The girl had often joked about her mother's medicine cabinet looking
like a pharmacy. Her boyfriend got curious one day, and tried the
pills. In the beginning, one pill at a time was fun enough. He soon
though it would be more fun with two. And then four or more at a time
became the amount of fun he needed. The pills didn't feel dangerous to him because they came from a Doctor.
When four at a time didn't get him as high as they used to,
someone at school told him that if you take the pills with cough
medicine, it would be a real wild ride. The girl was too scared to
try that with him, but she was even more scared to tell him no. Her
mother never checked on her cabinet full of prescriptions, new and expired, there were
so many bottles, she never noticed what bottles had what pills
missing, and they were all within such easy reach. One afternoon, with no one home at the girl's house,
he took the red pills with yellow pills, and a bottle of
her little sister's prescription cough medicine. He died that day.
My children know this story to the point that they know the color of the girl's eyes. They know how that boy is forever 17. They know the
names of the prescription drugs he took that day and of how
prescription drugs killed him.
That boy is forever 17. And I will forever see the much too young
girl's grey eyes stark against her face made ghostly white from grief, on
the day I first saw her after her boyfriend died.
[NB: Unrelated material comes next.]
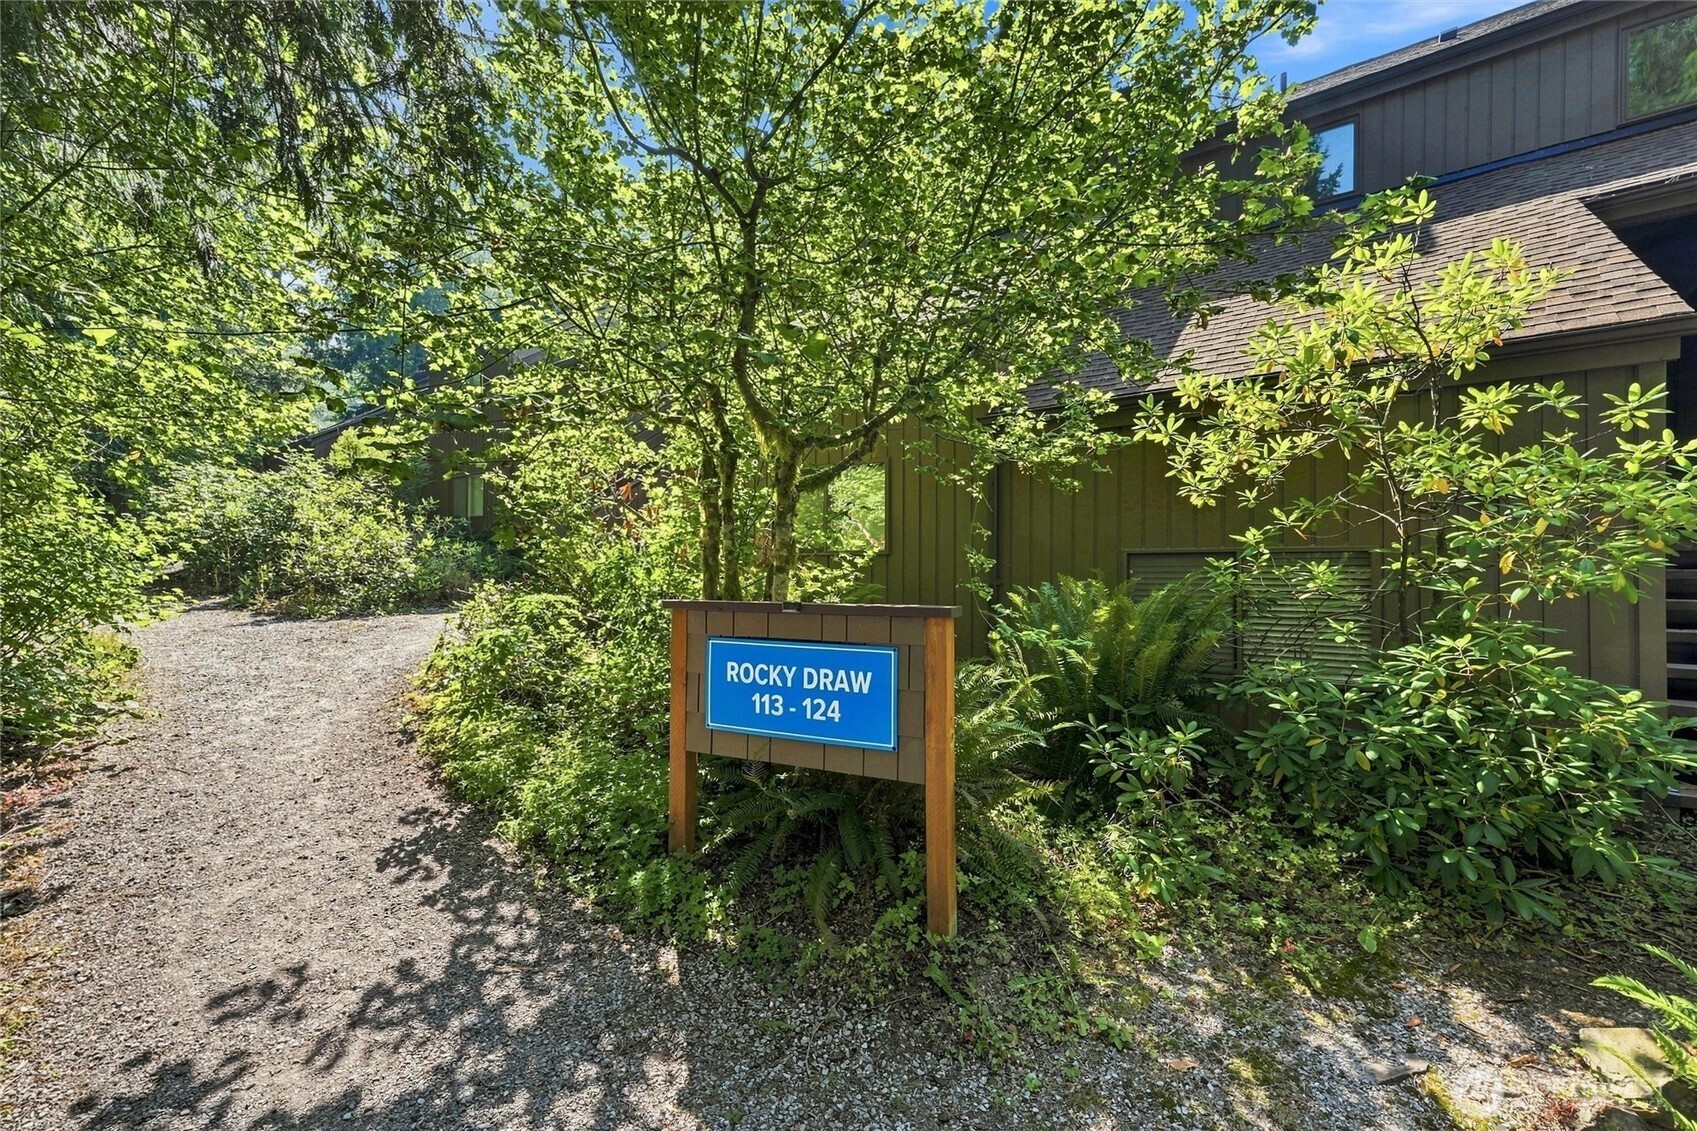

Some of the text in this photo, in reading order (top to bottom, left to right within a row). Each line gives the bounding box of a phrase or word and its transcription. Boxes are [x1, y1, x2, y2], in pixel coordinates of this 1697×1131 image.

If someone told you that they knew of something that could give you a
50 percent chance of keeping your children safer,
you'd say, "Tell me what to do."
Children who learn about the risks of drugs from their parents are up
to 50 percent less likely to use drugs than those who do not
get that critical message at home.
Talk to your children about
prescription drug abuse. Lock up your medications and keep them out of reach, discard your unused and expired ones. Tell your children that coming from a Doctor doesn't mean they're safe -- they're prescription for a reason.
Don't wait for them to ask you to talk. You tell them you want to
talk.
It's never too early to start the conversation.
* * *
I am proud to be among the voices listed here, who are contributing their stories to this important project to EndMedicineAbuse. Please visit their blogs today to read and hear their story:
Janelle Hatchet – http://www.renegademothering.com
Brandi Jeter – http://mamaknowsitall.com
Sherri Kuhn – http://oldtweener.com
Heather King – http://www.extraordinary-ordinary.net
Lyz Lenz – http://www.lyzlenz.com/
Judy Miller – http://judymmiller.com
Lisa Page Rosenberg – http://www.smacksy.com
Alexandra Rosas – http://www.gooddayregularpeople.com
Ellie Schoenberger – http://www.onecraftymother.com
Zakary Watson – http://www.raisingcolorado.com
Melisa Wells – http://suburbanscrawl.com
Part I
Part II
Part III
This live event, blog tour, and post are sponsored by The Partnership for Drugfree.org, LTYM’s 2013 National Video Sponsor, working together with listentoyourmothershow.com in an effort to #EndMedicineAbuse.
THANK YOU all so much for your attention to this crucial project.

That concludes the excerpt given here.